Und dann diagnostizierten die Ärzte 2014 eine Krebserkrankung bei Anne Schneider, immerhin so weit fortgeschritten und so aggressiv, dass ihr Mann zwei Jahre früher als geplant den EKD-Vorsitz abgab. Schoss da nicht noch einmal alle Trauer hoch und auch die eine große Frage: Wieso, Gott, mutest Du uns so viel zu?

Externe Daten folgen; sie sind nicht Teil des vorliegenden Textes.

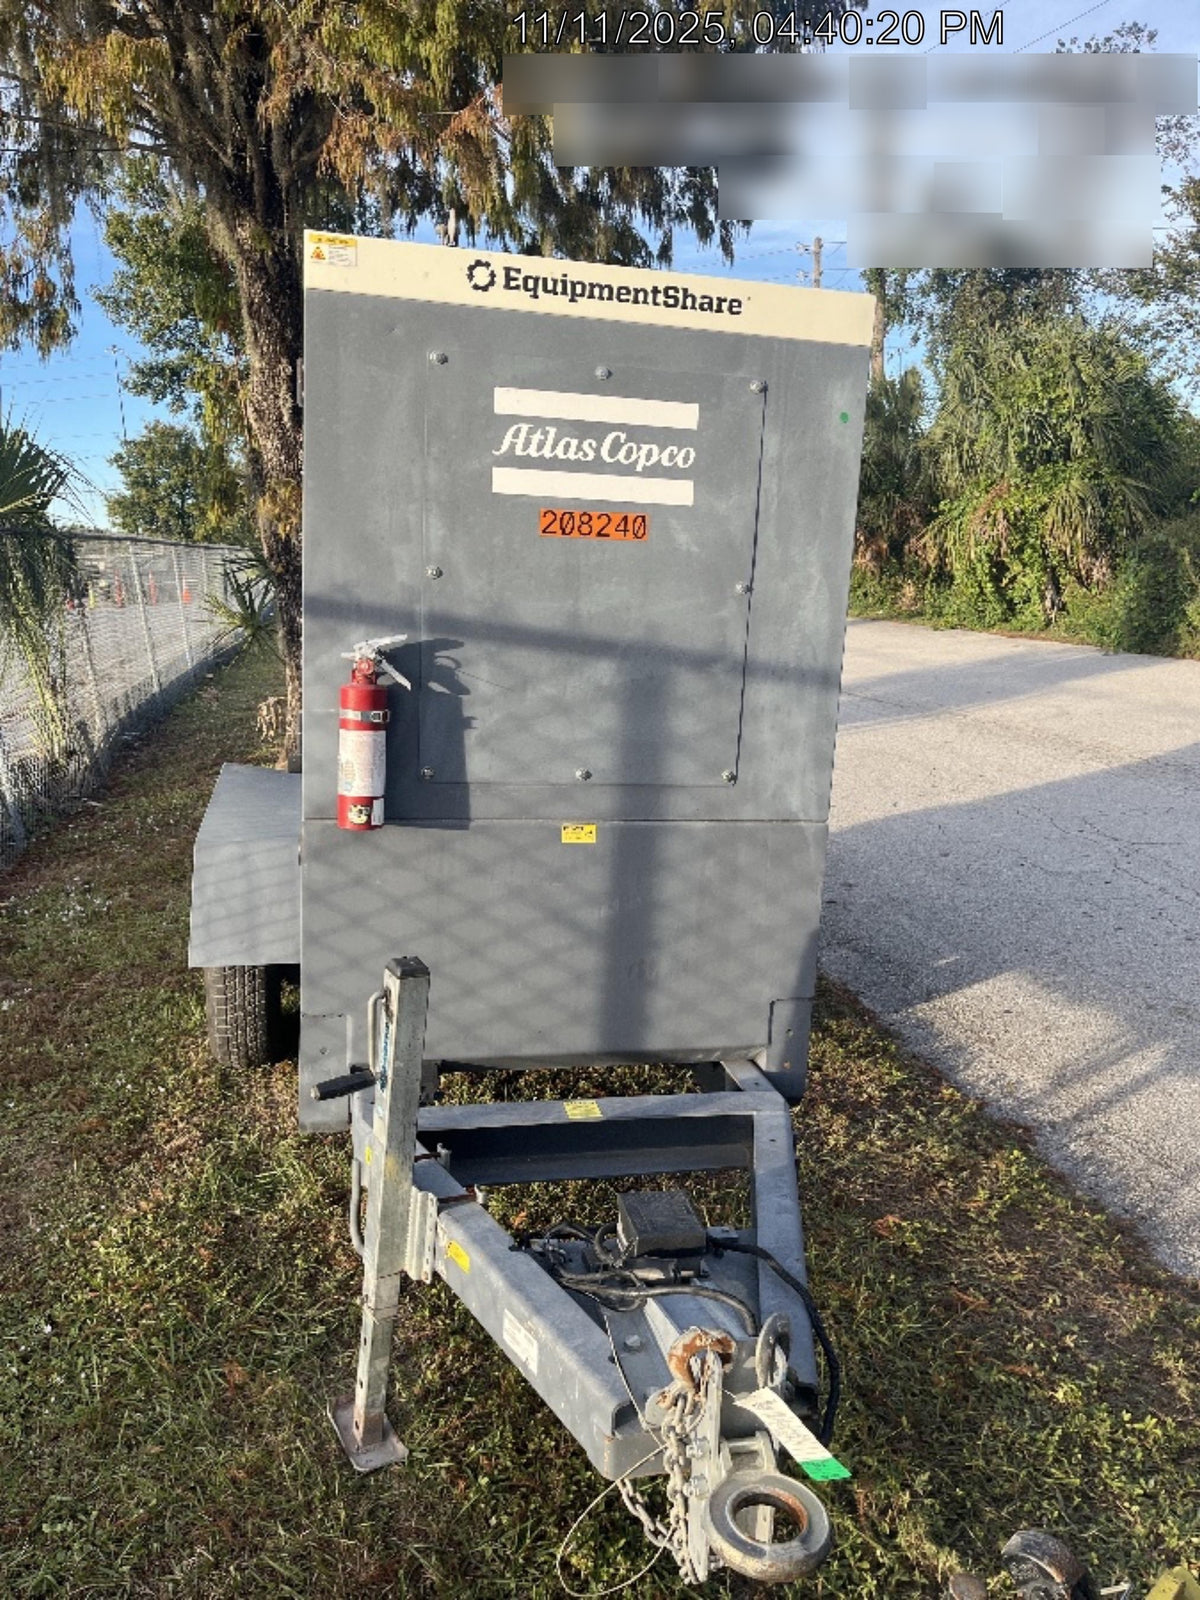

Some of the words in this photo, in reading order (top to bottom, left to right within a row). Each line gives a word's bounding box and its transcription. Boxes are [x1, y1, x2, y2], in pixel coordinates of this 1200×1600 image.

Anne Schneider schüttelt den Kopf. „So habe ich nie gedacht“, sagt sie. „Die Diagnose hat mich erschreckt und geängstigt, aber die Theodizee-Frage stelle ich mir viel eher, wenn ich an Auschwitz denke oder an den ‚Islamischen Staat‘.“ So erfüllt sei ihr Leben gewesen, so reich. „Wie blind müsste ich sein, um das nicht zu sehen?“

Anne Schneiders Kräfte kehren zurück

Dass harte Monate hinter ihr liegen, leugnet Anne Schneider aber nicht. Chemotherapie, Operation, Bestrahlung, Antikörpertherapie. Vor allem die quälende Chemo habe sie manchmal nur mit dem Gedanken ertragen, dass es Hoffnung auf Erfolg gebe, sagt Anne Schneider. Oder dass sie im anderen Fall ihrem Leben ein Ende bereiten könnte. Dass ihr Mann dank seines beruflichen Ausstiegs viel Zeit für sie hatte, oft bei ihr sitzen oder auch mal Wadenwickel wechseln konnte, wenn das Fieber hoch stieg – „dafür bin ich so dankbar.“ Und auch er habe dieser Zeit etwas Gutes abgewinnen können, behauptet sie augenzwinkernd. „Damals war ich so schwach, dass ich ihm nicht so oft widersprechen konnte wie sonst!“
Seit ein paar Monaten sind in Anne Schneiders Körper nun die Lebenskräfte zurückgekehrt. Jetzt muss er wohl wieder mit ihr diskutieren, dieser freundliche, ruhige, sachliche Nikolaus Schneider. Zum Beispiel eben über die Frage, wie groß der Verantwortungsraum ist, den Gott dem Menschen am Ende des Lebens lässt. „Das haben wir aber eigentlich ausdiskutiert“, sagt Anne Schneider. Denn das Thema beschäftige sie beide schon seit Jahrzehnten, nicht erst seit der Krebserkrankung.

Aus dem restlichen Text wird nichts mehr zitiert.